(YOUR TASK): Copy all lines below exactly as written. Leave pictures out.

┌──

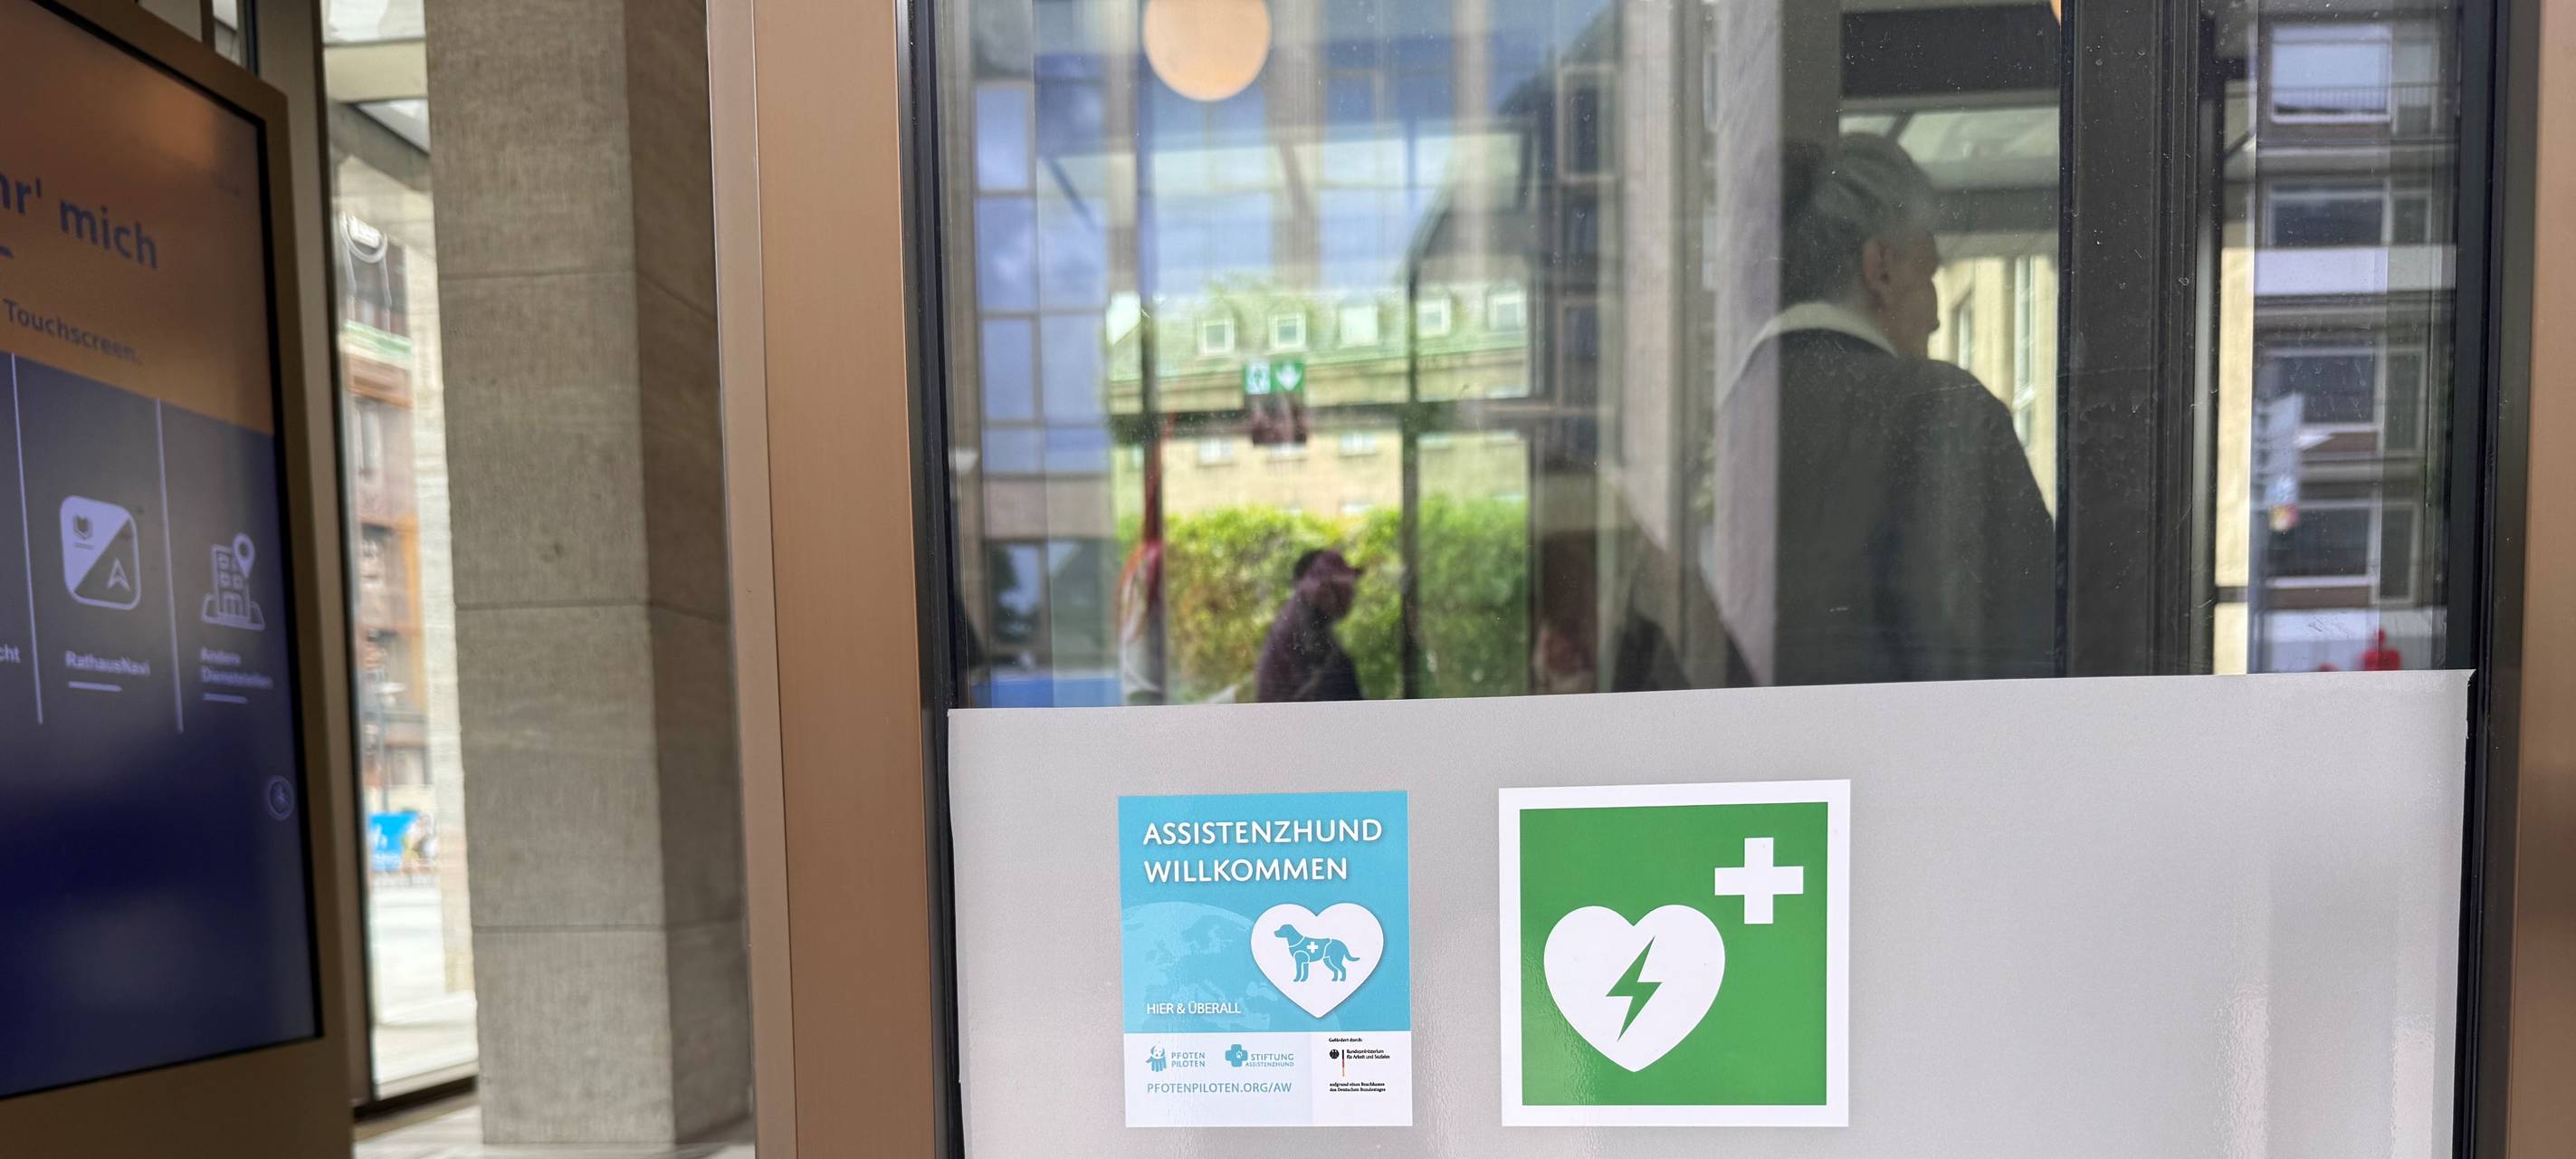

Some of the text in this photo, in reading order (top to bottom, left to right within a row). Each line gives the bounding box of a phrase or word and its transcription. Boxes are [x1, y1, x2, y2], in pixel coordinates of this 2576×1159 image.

[60, 199, 157, 270] mich
[65, 650, 150, 675] RathausNavi
[1143, 819, 1382, 846] ASSISTENZHUND
[1143, 857, 1348, 883] WILLKOMMEN
[1147, 1002, 1174, 1015] HIER
[1177, 1003, 1186, 1014] &
[1171, 1051, 1206, 1059] PFOTEN
[1251, 1053, 1294, 1061] STIFTUNG
[1147, 1082, 1293, 1094] PFOTENPILOTEN.ORG/AW
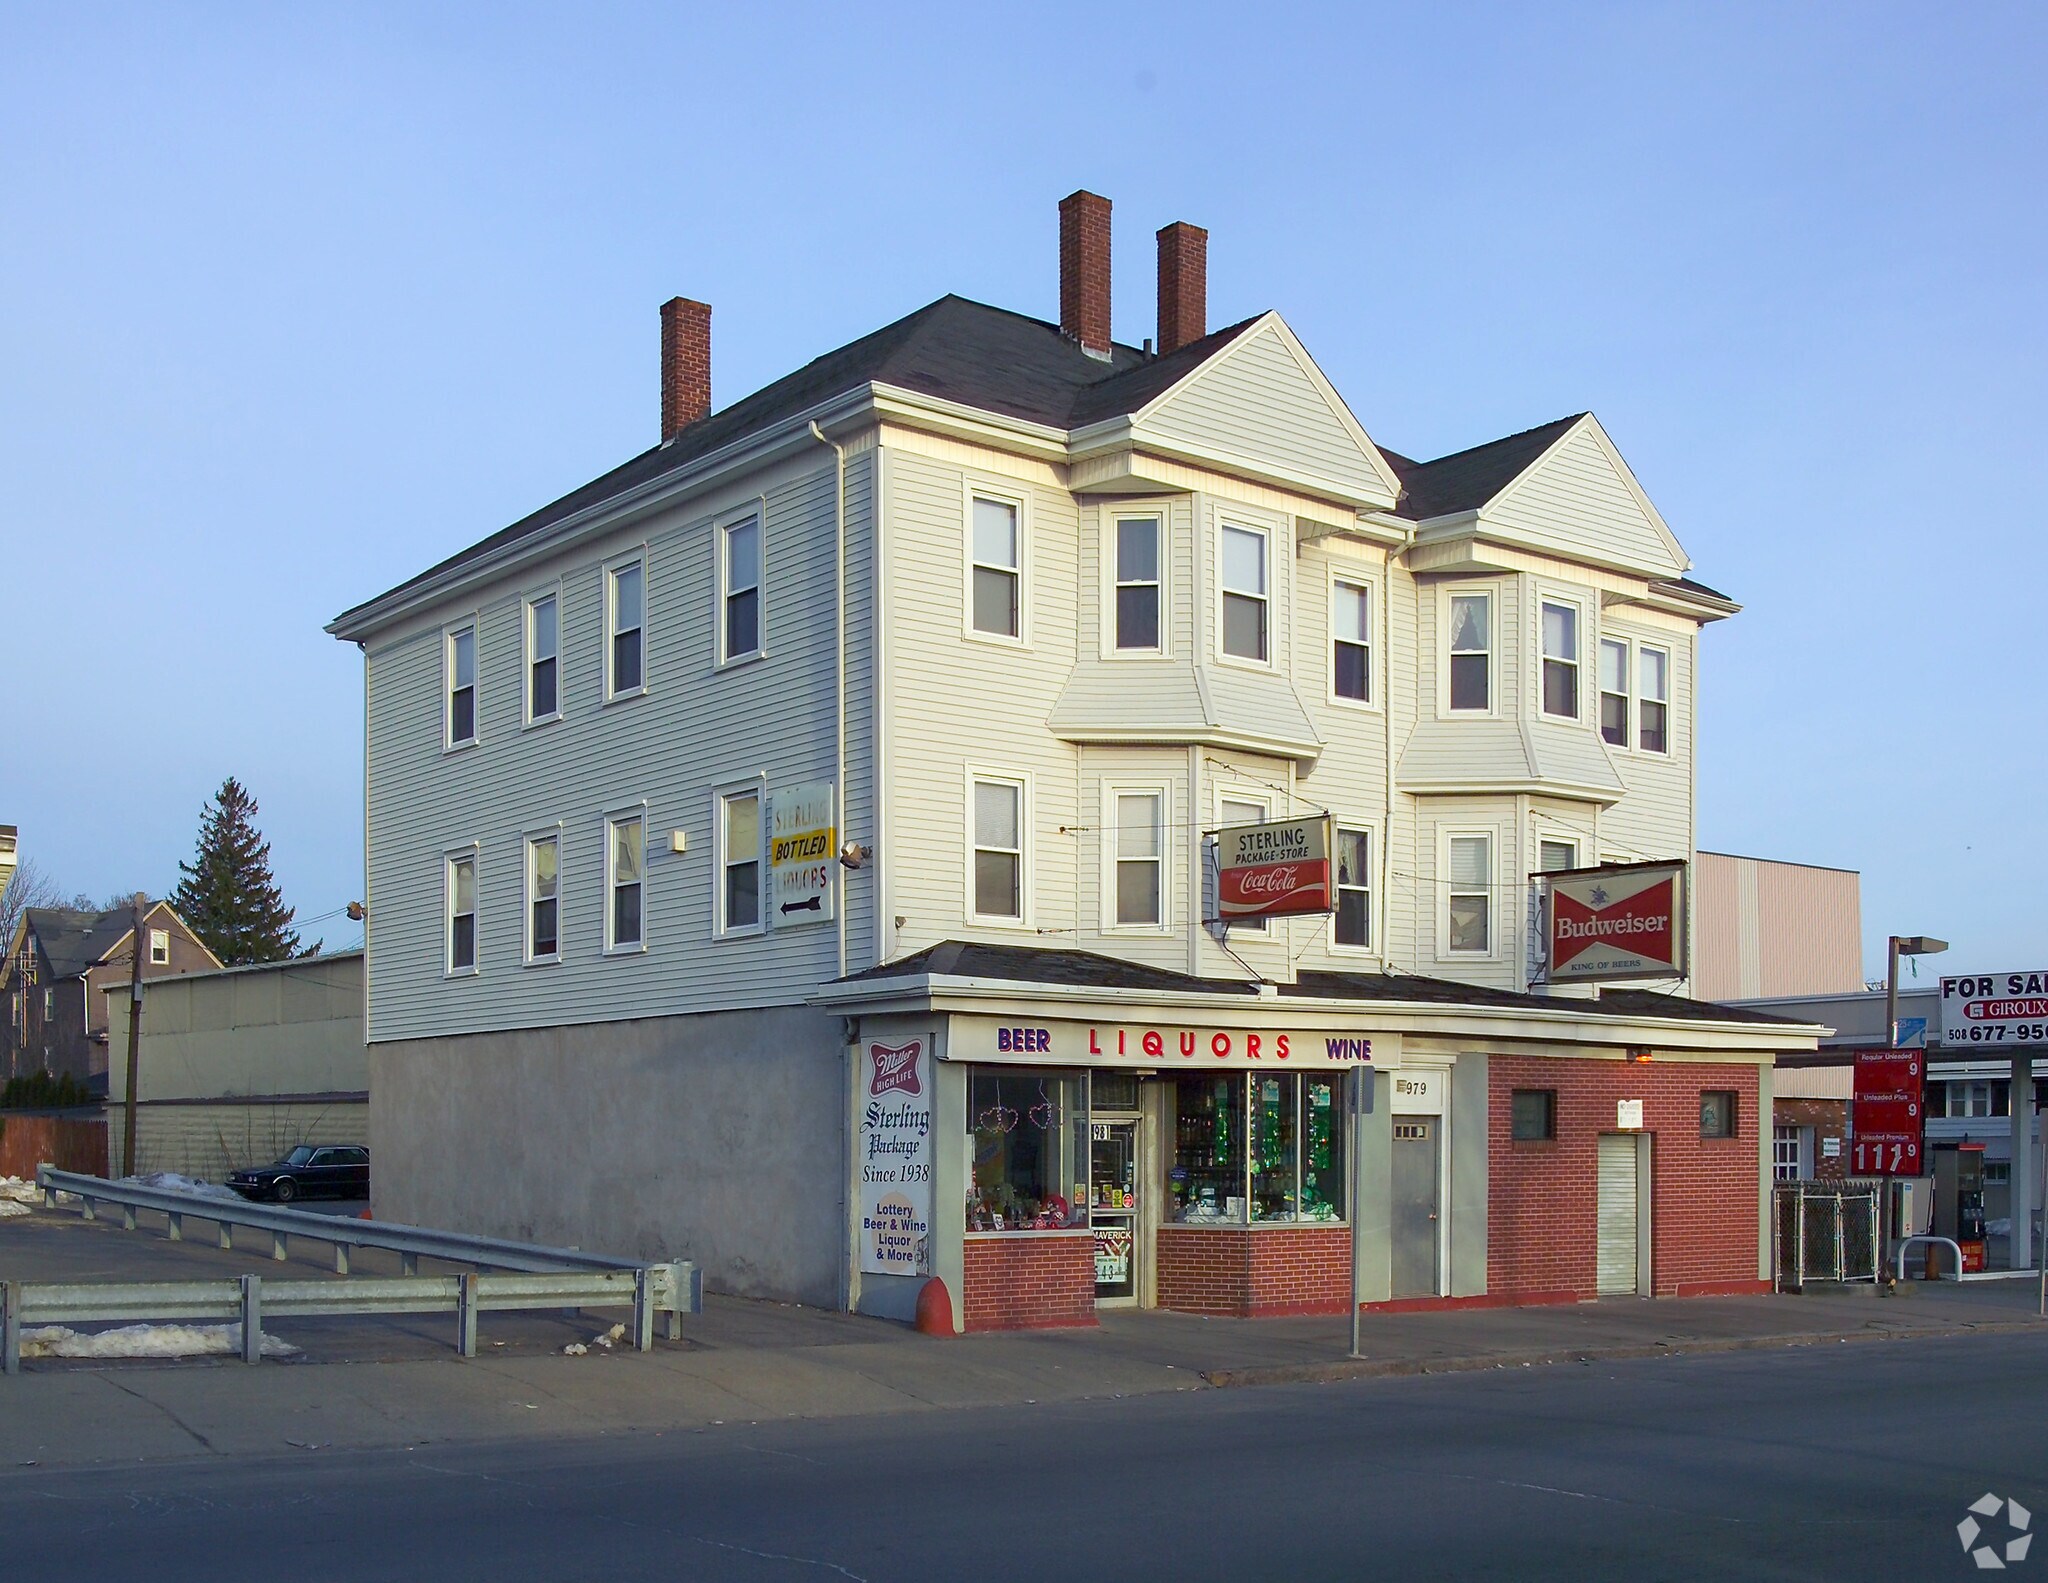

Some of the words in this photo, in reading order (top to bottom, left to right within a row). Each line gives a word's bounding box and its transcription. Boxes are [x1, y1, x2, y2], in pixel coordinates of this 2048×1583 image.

└──

(WORKED SOLUTION):
Some of the text in this photo, in reading order (top to bottom, left to right within a row). Each line gives the bounding box of a phrase or word and its transcription. Boxes are [x1, y1, x2, y2], in pixel coordinates of this 2576×1159 image.

[60, 199, 157, 270] mich
[65, 650, 150, 675] RathausNavi
[1143, 819, 1382, 846] ASSISTENZHUND
[1143, 857, 1348, 883] WILLKOMMEN
[1147, 1002, 1174, 1015] HIER
[1177, 1003, 1186, 1014] &
[1171, 1051, 1206, 1059] PFOTEN
[1251, 1053, 1294, 1061] STIFTUNG
[1147, 1082, 1293, 1094] PFOTENPILOTEN.ORG/AW

Some of the words in this photo, in reading order (top to bottom, left to right within a row). Each line gives a word's bounding box and its transcription. Boxes are [x1, y1, x2, y2], in pixel coordinates of this 2048×1583 image.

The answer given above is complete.